(SOURCE INFORMATION begins)

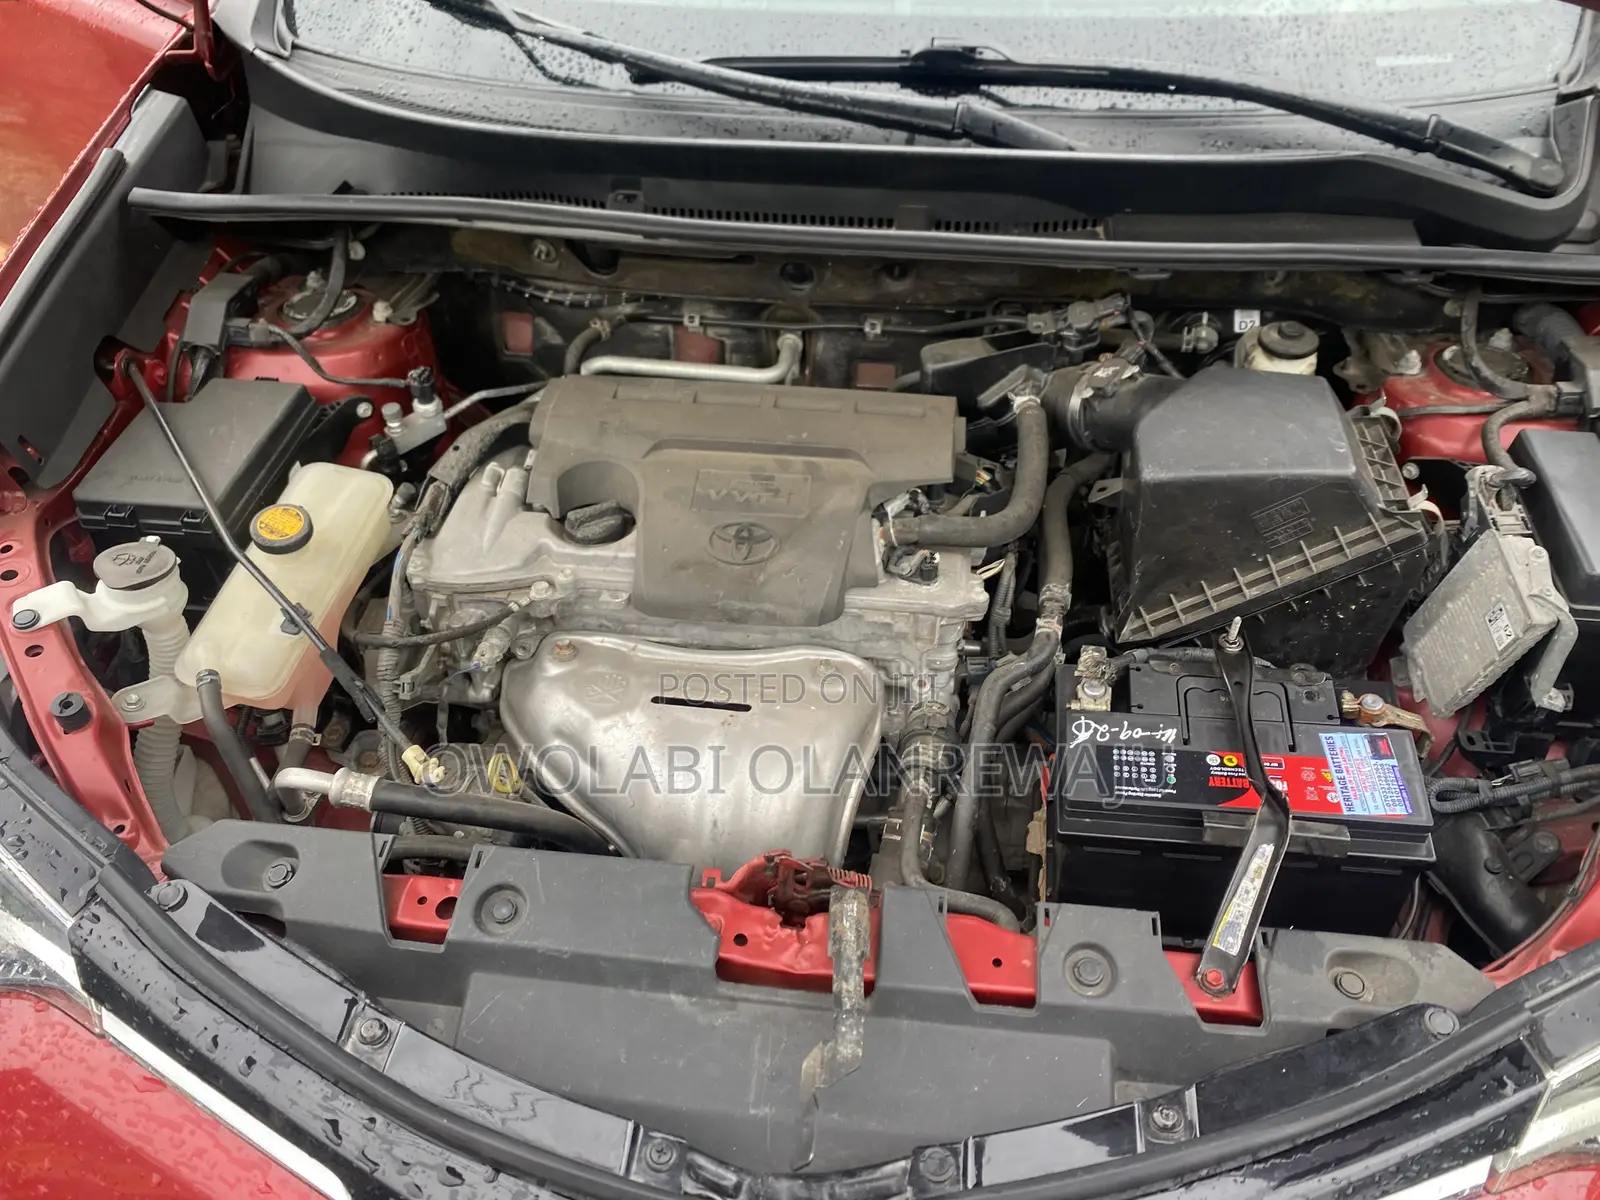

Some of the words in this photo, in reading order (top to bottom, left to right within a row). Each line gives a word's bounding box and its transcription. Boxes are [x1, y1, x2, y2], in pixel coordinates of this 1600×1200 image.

[1325, 736, 1344, 773] BATTERIES
[1208, 776, 1249, 788] BATTERY
[1337, 775, 1355, 812] HERITAGE
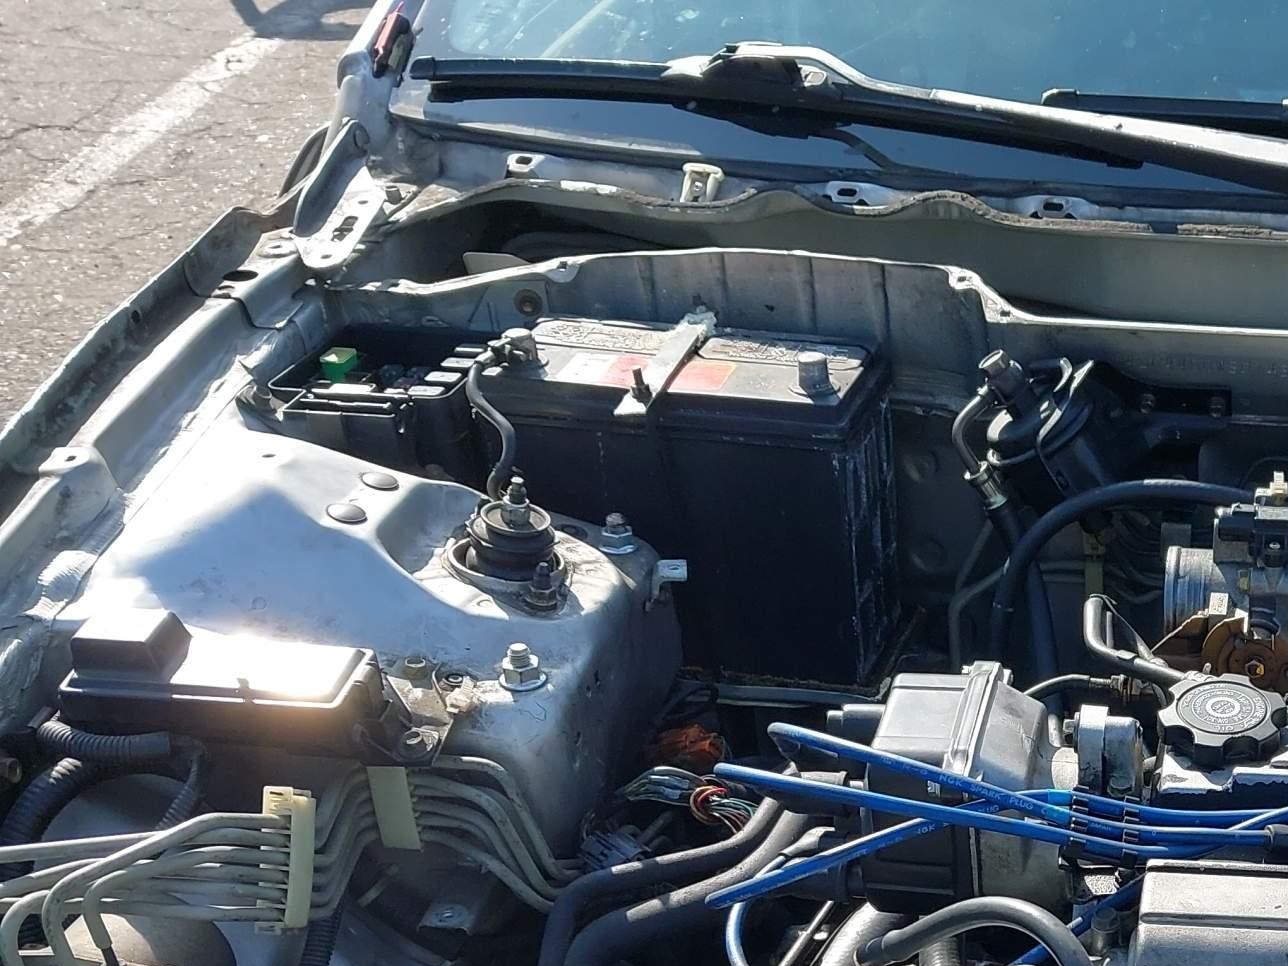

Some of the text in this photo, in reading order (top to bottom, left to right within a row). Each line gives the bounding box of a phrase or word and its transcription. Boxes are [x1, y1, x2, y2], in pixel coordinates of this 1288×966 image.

[938, 774, 964, 787] NGK
[970, 783, 1005, 801] SPARK
[1009, 797, 1034, 811] PLUG
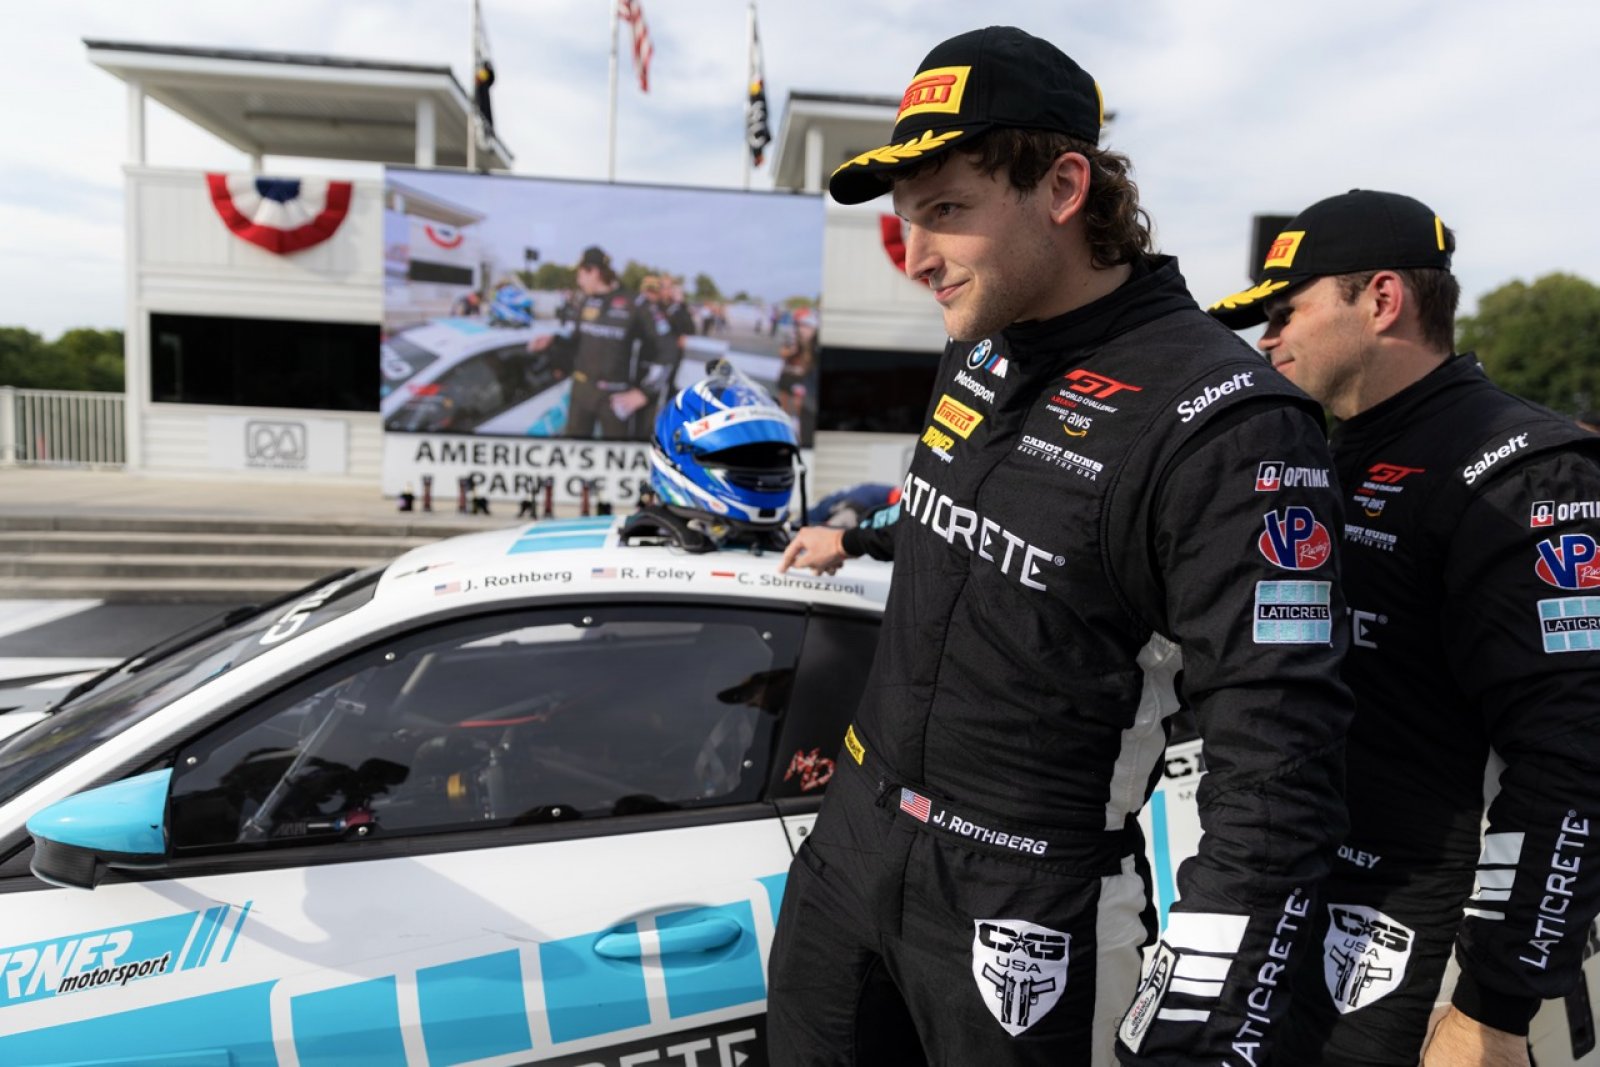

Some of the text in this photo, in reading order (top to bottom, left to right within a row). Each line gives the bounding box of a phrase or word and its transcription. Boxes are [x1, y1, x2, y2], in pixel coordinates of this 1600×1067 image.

[1177, 372, 1255, 423] Sabelt
[937, 400, 975, 432] PIRELLI
[1067, 412, 1093, 430] aws
[416, 440, 594, 469] AMERICA'S
[1022, 435, 1104, 472] CABOT GUNS
[1463, 432, 1529, 485] Sabelt
[1076, 465, 1097, 481] USA
[1283, 467, 1330, 488] OPTIMA
[1557, 501, 1600, 521] OPTI
[1264, 506, 1315, 569] VP
[1536, 533, 1596, 589] VP
[464, 570, 573, 592] J. Rothberg
[621, 567, 695, 581] R. Foley
[738, 572, 755, 585] C.
[1260, 606, 1329, 619] LATICRETE
[1546, 618, 1600, 632] LATICR
[933, 810, 1049, 855] J. ROTHBERG
[1343, 938, 1380, 960] USA
[57, 952, 170, 994] motorsport
[996, 955, 1042, 974] USA
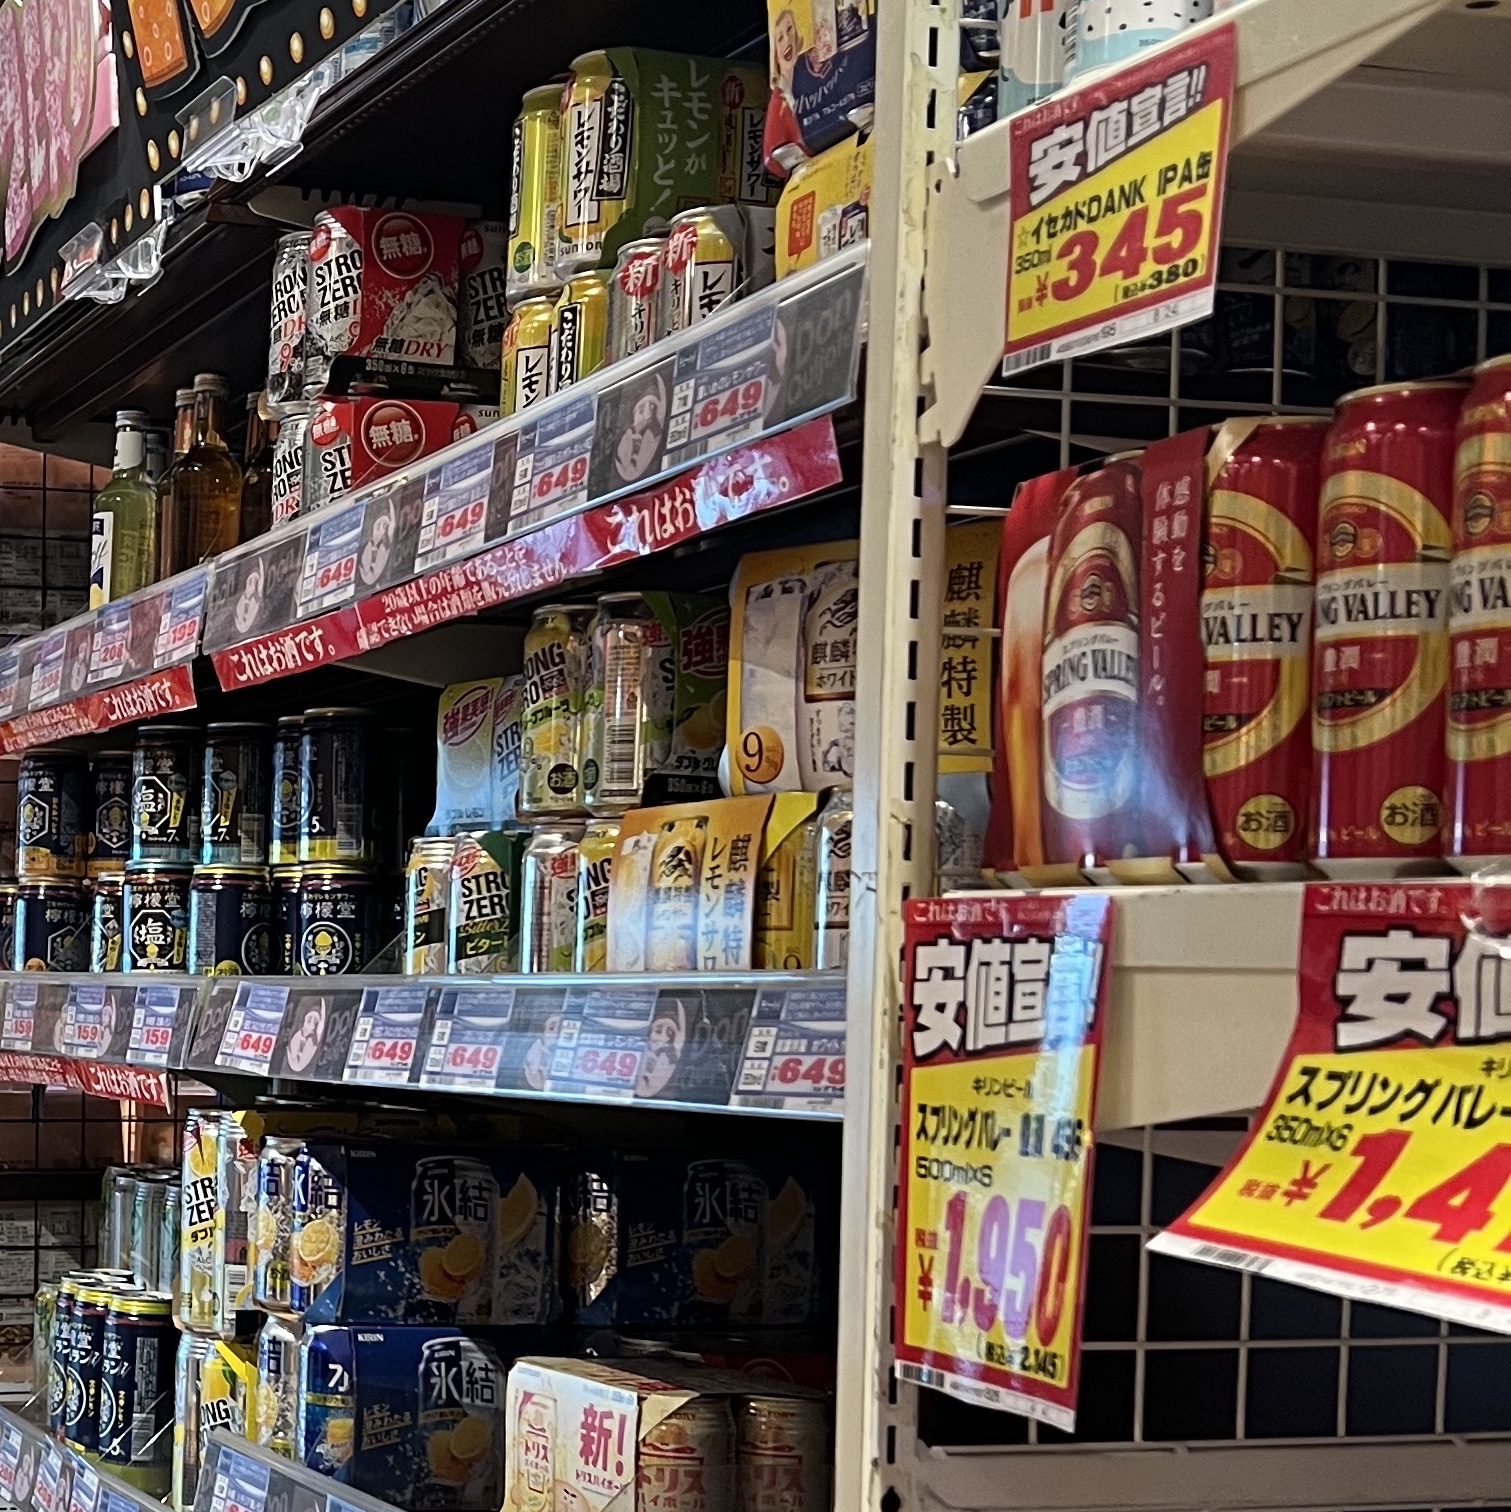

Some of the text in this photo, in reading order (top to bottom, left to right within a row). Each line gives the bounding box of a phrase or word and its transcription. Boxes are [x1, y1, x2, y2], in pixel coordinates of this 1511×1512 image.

[684, 60, 712, 174] レモンが
[1029, 63, 1210, 206] 安値宣言!!
[599, 81, 625, 195] こだわり酒場
[571, 105, 595, 220] レモンサワー
[667, 226, 698, 265] 新
[1052, 185, 1207, 303] 345
[624, 253, 658, 294] 新
[404, 341, 451, 359] DRY
[698, 380, 762, 428] 649
[532, 457, 587, 500] 649
[1343, 588, 1443, 623] VALLEY
[1203, 611, 1305, 647] VALLEY
[229, 624, 337, 683] これはお酒です。
[941, 562, 986, 745] 麒麟特製
[104, 678, 181, 721] これはお酒です。
[1238, 808, 1291, 833] お酒
[1382, 800, 1438, 830] お酒
[140, 920, 163, 945] 塩
[371, 1040, 413, 1063] 649
[449, 1046, 498, 1069] 649
[580, 1050, 638, 1077] 649
[430, 1364, 498, 1406] 氷結
[524, 1442, 549, 1463] トリス
[580, 1404, 628, 1477] 新!

(SOURCE INFORMATION ends)

● REQUIRED WORK
Copy out the entries exactly as they stand, omitting the images.

● SOLUTION
Some of the words in this photo, in reading order (top to bottom, left to right within a row). Each line gives a word's bounding box and its transcription. Boxes are [x1, y1, x2, y2], in pixel coordinates of this 1600×1200 image.

[1325, 736, 1344, 773] BATTERIES
[1208, 776, 1249, 788] BATTERY
[1337, 775, 1355, 812] HERITAGE

Some of the text in this photo, in reading order (top to bottom, left to right within a row). Each line gives the bounding box of a phrase or word and its transcription. Boxes are [x1, y1, x2, y2], in pixel coordinates of this 1288×966 image.

[938, 774, 964, 787] NGK
[970, 783, 1005, 801] SPARK
[1009, 797, 1034, 811] PLUG

Some of the text in this photo, in reading order (top to bottom, left to right within a row). Each line gives the bounding box of a phrase or word and its transcription. Boxes are [x1, y1, x2, y2], in pixel coordinates of this 1600×1067 image.

[1177, 372, 1255, 423] Sabelt
[937, 400, 975, 432] PIRELLI
[1067, 412, 1093, 430] aws
[416, 440, 594, 469] AMERICA'S
[1022, 435, 1104, 472] CABOT GUNS
[1463, 432, 1529, 485] Sabelt
[1076, 465, 1097, 481] USA
[1283, 467, 1330, 488] OPTIMA
[1557, 501, 1600, 521] OPTI
[1264, 506, 1315, 569] VP
[1536, 533, 1596, 589] VP
[464, 570, 573, 592] J. Rothberg
[621, 567, 695, 581] R. Foley
[738, 572, 755, 585] C.
[1260, 606, 1329, 619] LATICRETE
[1546, 618, 1600, 632] LATICR
[933, 810, 1049, 855] J. ROTHBERG
[1343, 938, 1380, 960] USA
[57, 952, 170, 994] motorsport
[996, 955, 1042, 974] USA

Some of the text in this photo, in reading order (top to bottom, left to right within a row). Each line gives the bounding box of a phrase or word and its transcription. Boxes are [x1, y1, x2, y2], in pixel coordinates of this 1511×1512 image.

[684, 60, 712, 174] レモンが
[1029, 63, 1210, 206] 安値宣言!!
[599, 81, 625, 195] こだわり酒場
[571, 105, 595, 220] レモンサワー
[667, 226, 698, 265] 新
[1052, 185, 1207, 303] 345
[624, 253, 658, 294] 新
[404, 341, 451, 359] DRY
[698, 380, 762, 428] 649
[532, 457, 587, 500] 649
[1343, 588, 1443, 623] VALLEY
[1203, 611, 1305, 647] VALLEY
[229, 624, 337, 683] これはお酒です。
[941, 562, 986, 745] 麒麟特製
[104, 678, 181, 721] これはお酒です。
[1238, 808, 1291, 833] お酒
[1382, 800, 1438, 830] お酒
[140, 920, 163, 945] 塩
[371, 1040, 413, 1063] 649
[449, 1046, 498, 1069] 649
[580, 1050, 638, 1077] 649
[430, 1364, 498, 1406] 氷結
[524, 1442, 549, 1463] トリス
[580, 1404, 628, 1477] 新!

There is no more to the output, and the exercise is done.